* _Exercise brief_: With the images left out, print all of the records below exactly.

* _The data_:
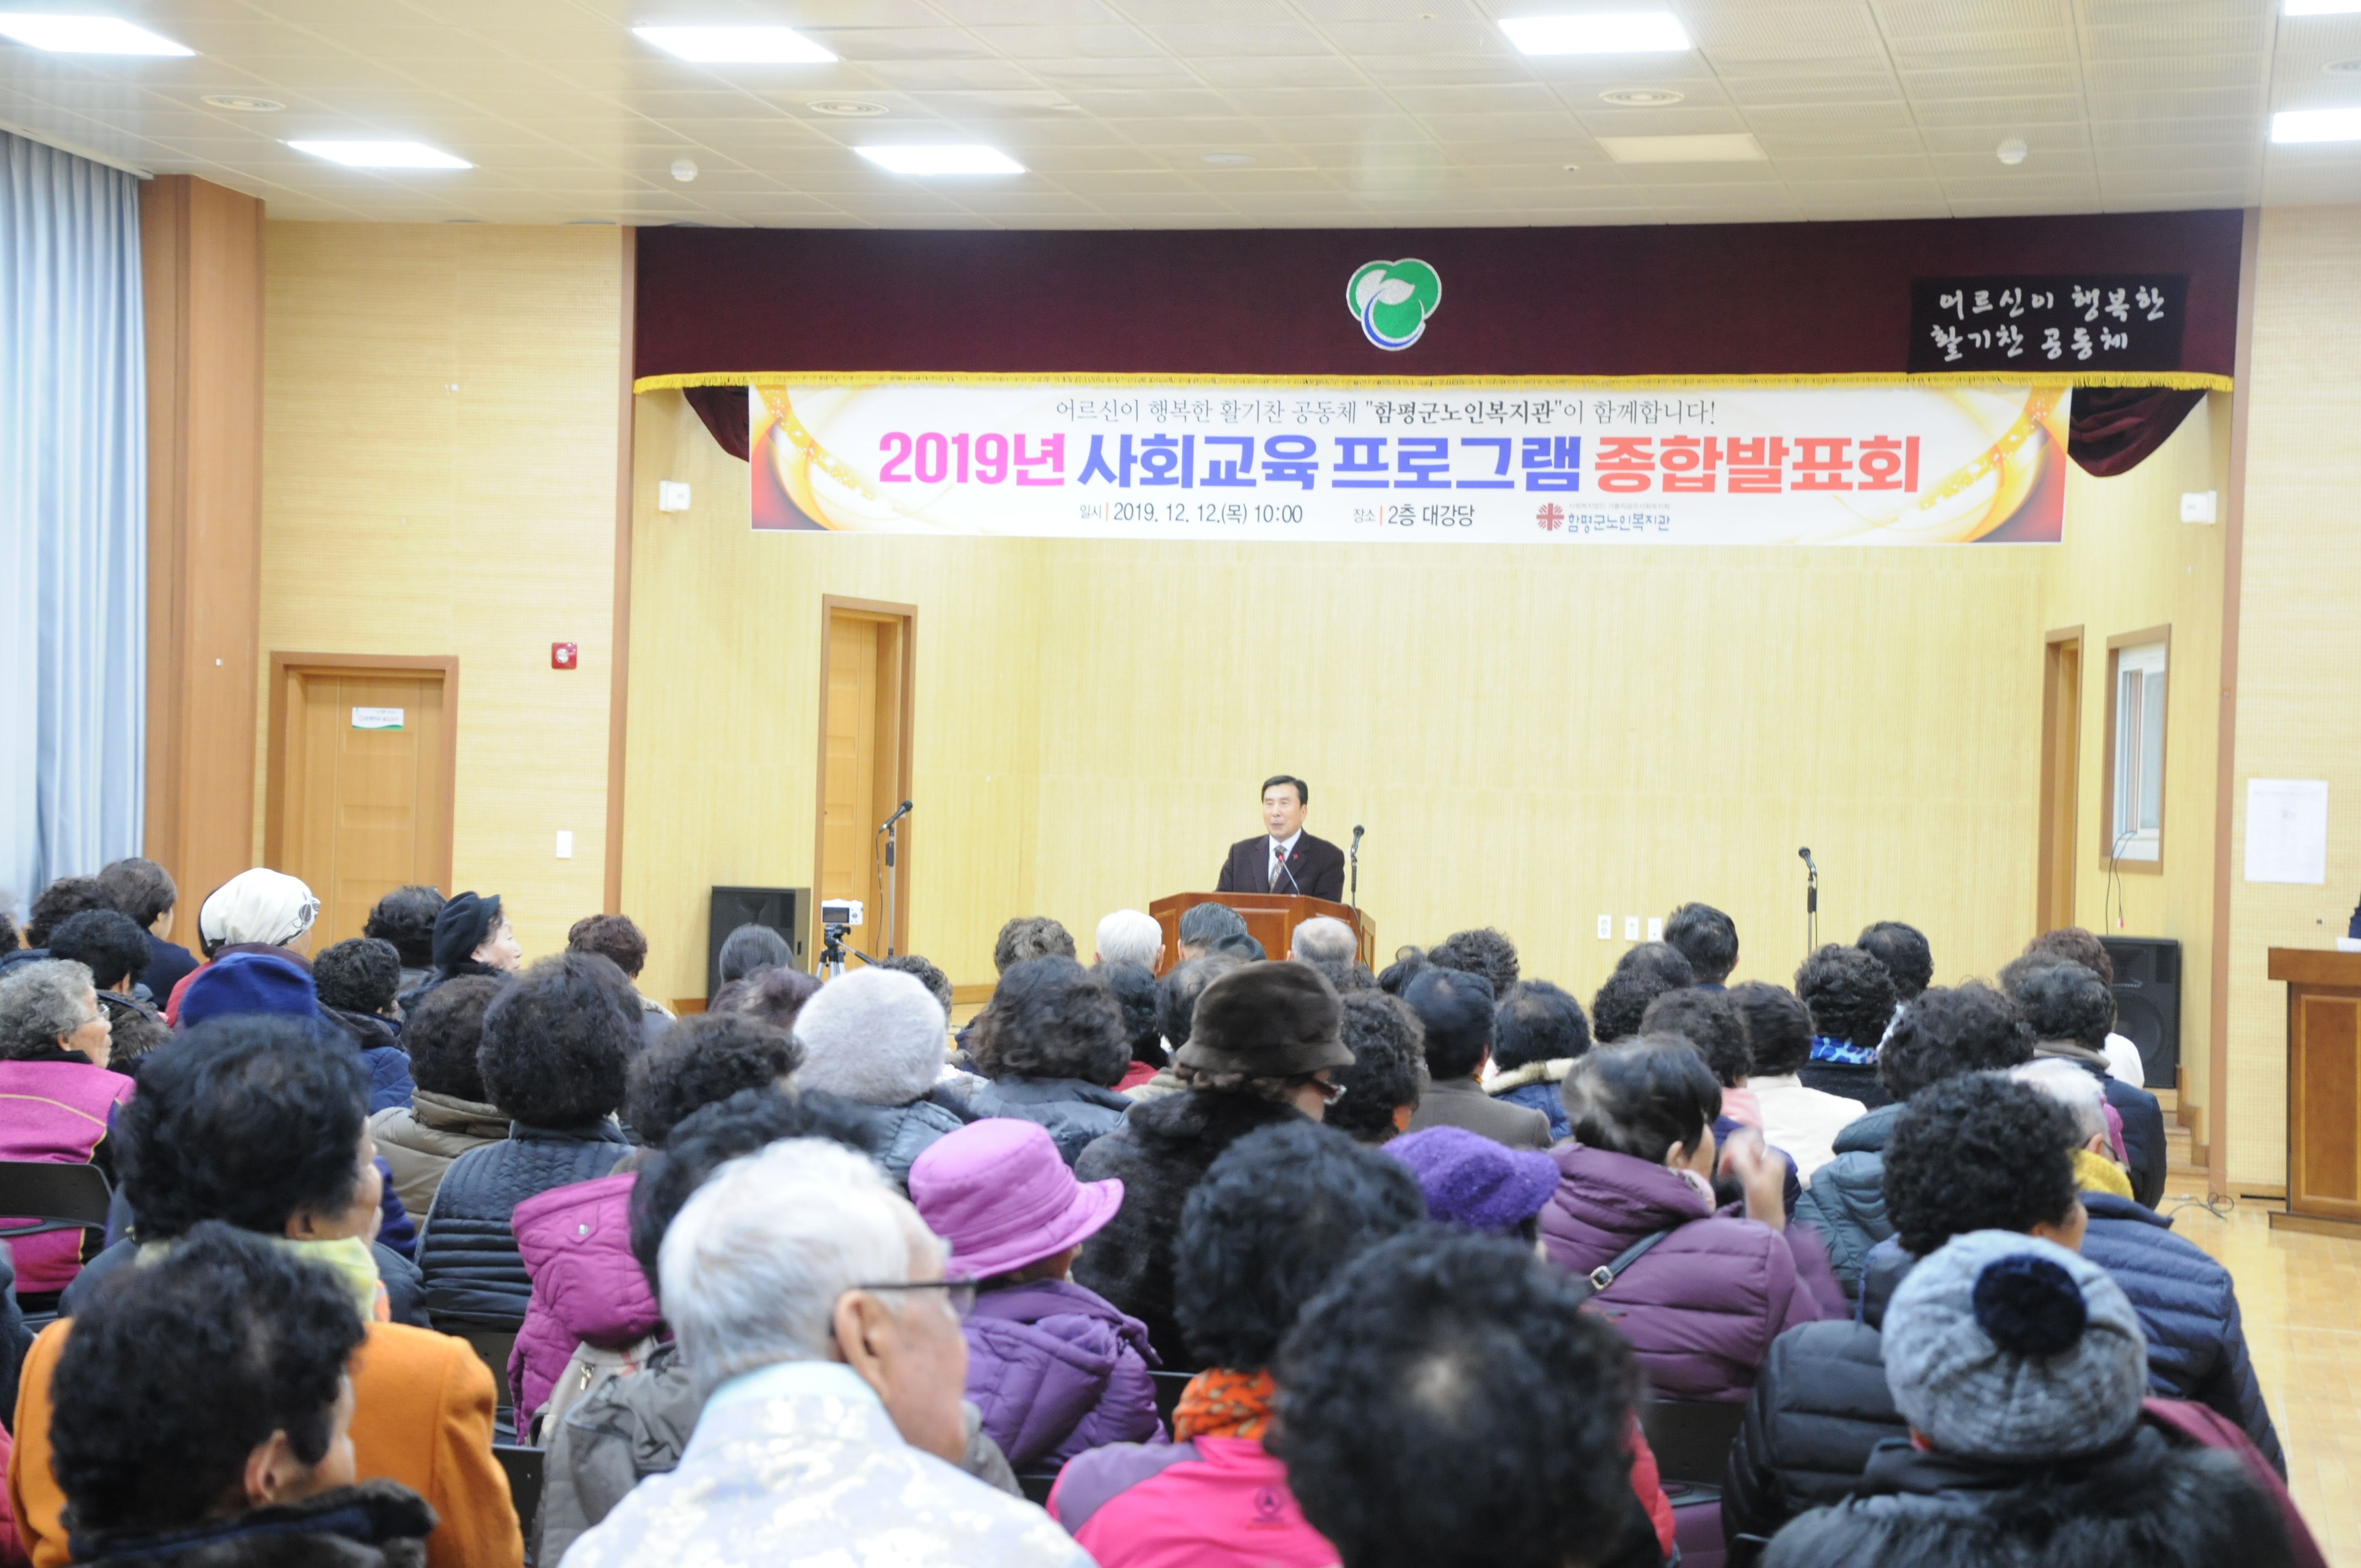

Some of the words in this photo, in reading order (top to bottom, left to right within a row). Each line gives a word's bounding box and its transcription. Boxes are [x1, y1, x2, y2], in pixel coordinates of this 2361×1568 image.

[1939, 286, 2055, 320] 어르신이
[2071, 284, 2165, 322] 행복한
[1930, 324, 2025, 363] 활기찬
[2041, 326, 2129, 361] 공동체
[1056, 398, 1139, 423] 어르신이
[1149, 399, 1214, 424] 행복한
[1220, 399, 1285, 424] 활기찬
[1292, 400, 1357, 425] 공동체
[1593, 399, 1716, 426] 함께합니다!
[879, 431, 1066, 487] 2019년
[1076, 432, 1319, 491] 사회교육
[1331, 435, 1582, 493] 프로그램
[1594, 434, 1922, 494] 종합발표회
[1079, 504, 1102, 520] 일시
[1254, 504, 1303, 524] 10:00
[1353, 507, 1376, 524] 장소
[1388, 503, 1417, 527] 2층
[1422, 504, 1476, 528] 대강당
[1568, 511, 1672, 535] 함평군노인복지관
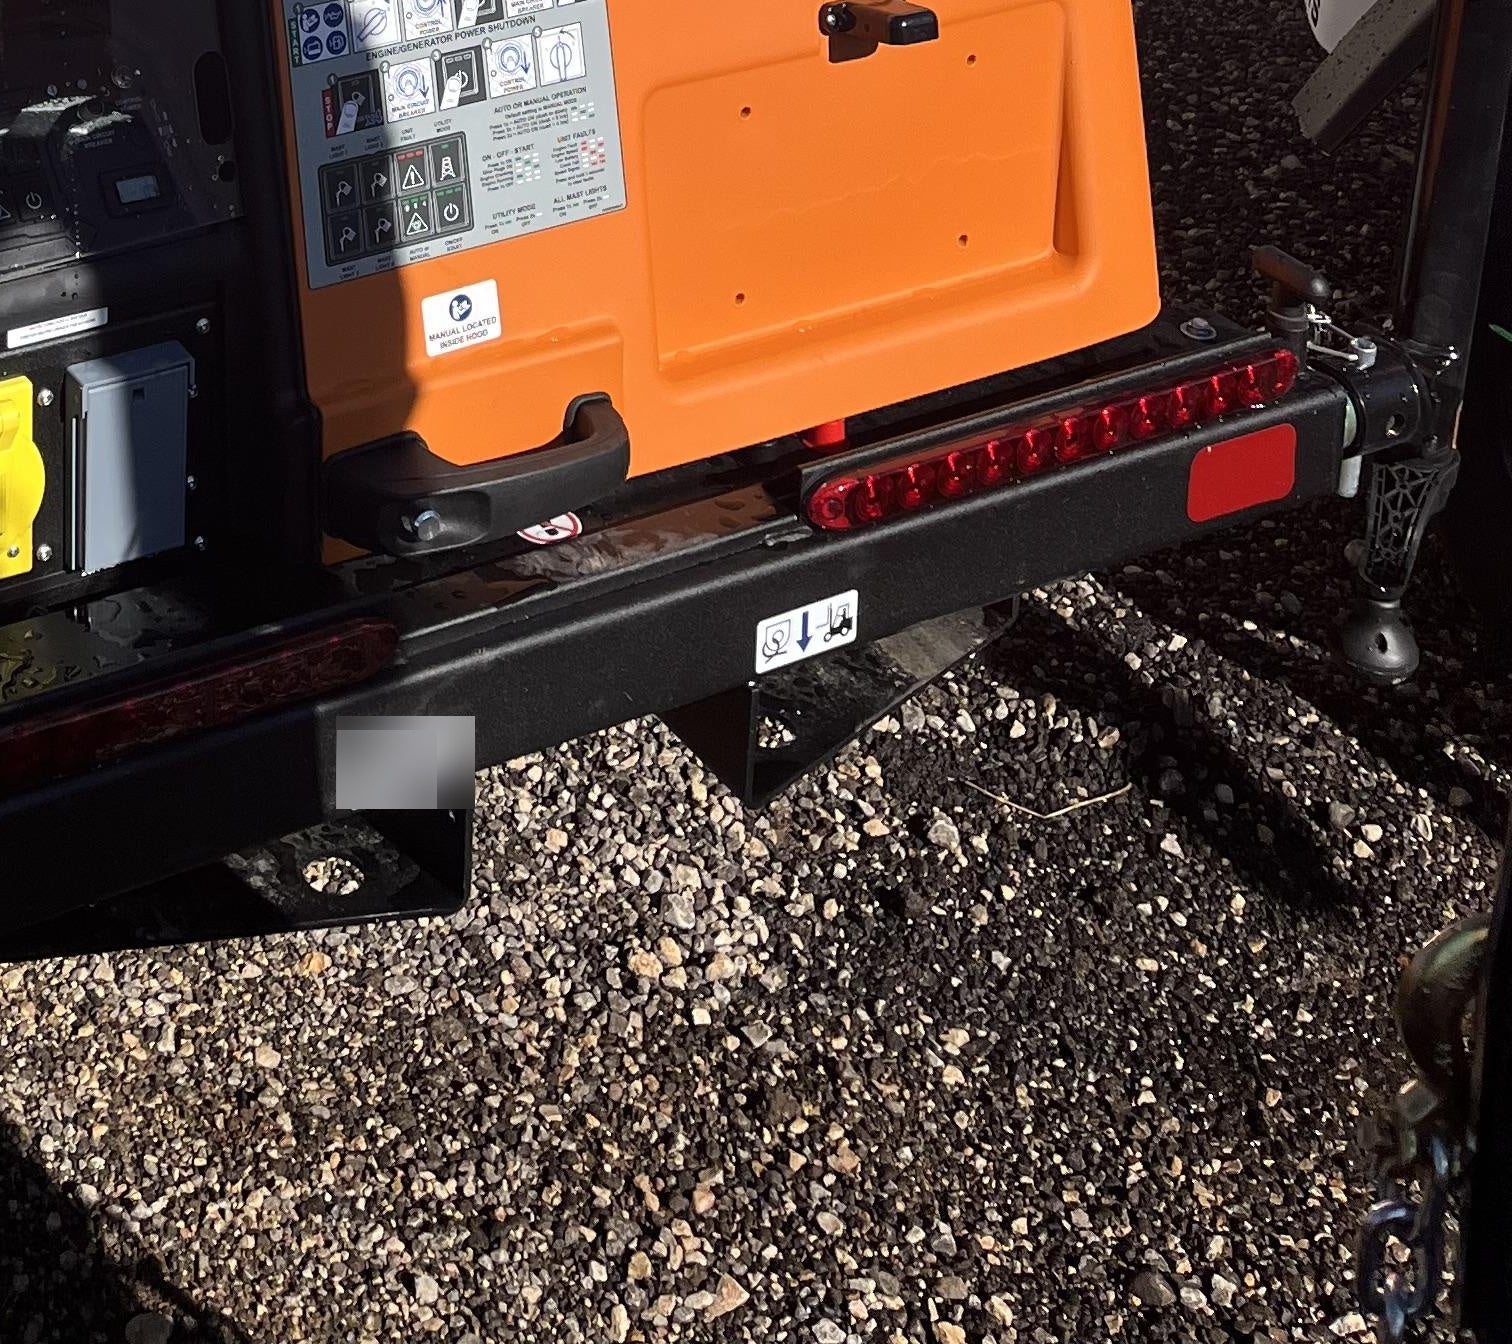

* _Answer for this exercise_:
Some of the words in this photo, in reading order (top to bottom, left to right within a row). Each line gives a word's bounding box and its transcription. Boxes are [x1, y1, x2, y2], in pixel coordinates of this 2361×1568 image.

[1939, 286, 2055, 320] 어르신이
[2071, 284, 2165, 322] 행복한
[1930, 324, 2025, 363] 활기찬
[2041, 326, 2129, 361] 공동체
[1056, 398, 1139, 423] 어르신이
[1149, 399, 1214, 424] 행복한
[1220, 399, 1285, 424] 활기찬
[1292, 400, 1357, 425] 공동체
[1593, 399, 1716, 426] 함께합니다!
[879, 431, 1066, 487] 2019년
[1076, 432, 1319, 491] 사회교육
[1331, 435, 1582, 493] 프로그램
[1594, 434, 1922, 494] 종합발표회
[1079, 504, 1102, 520] 일시
[1254, 504, 1303, 524] 10:00
[1353, 507, 1376, 524] 장소
[1388, 503, 1417, 527] 2층
[1422, 504, 1476, 528] 대강당
[1568, 511, 1672, 535] 함평군노인복지관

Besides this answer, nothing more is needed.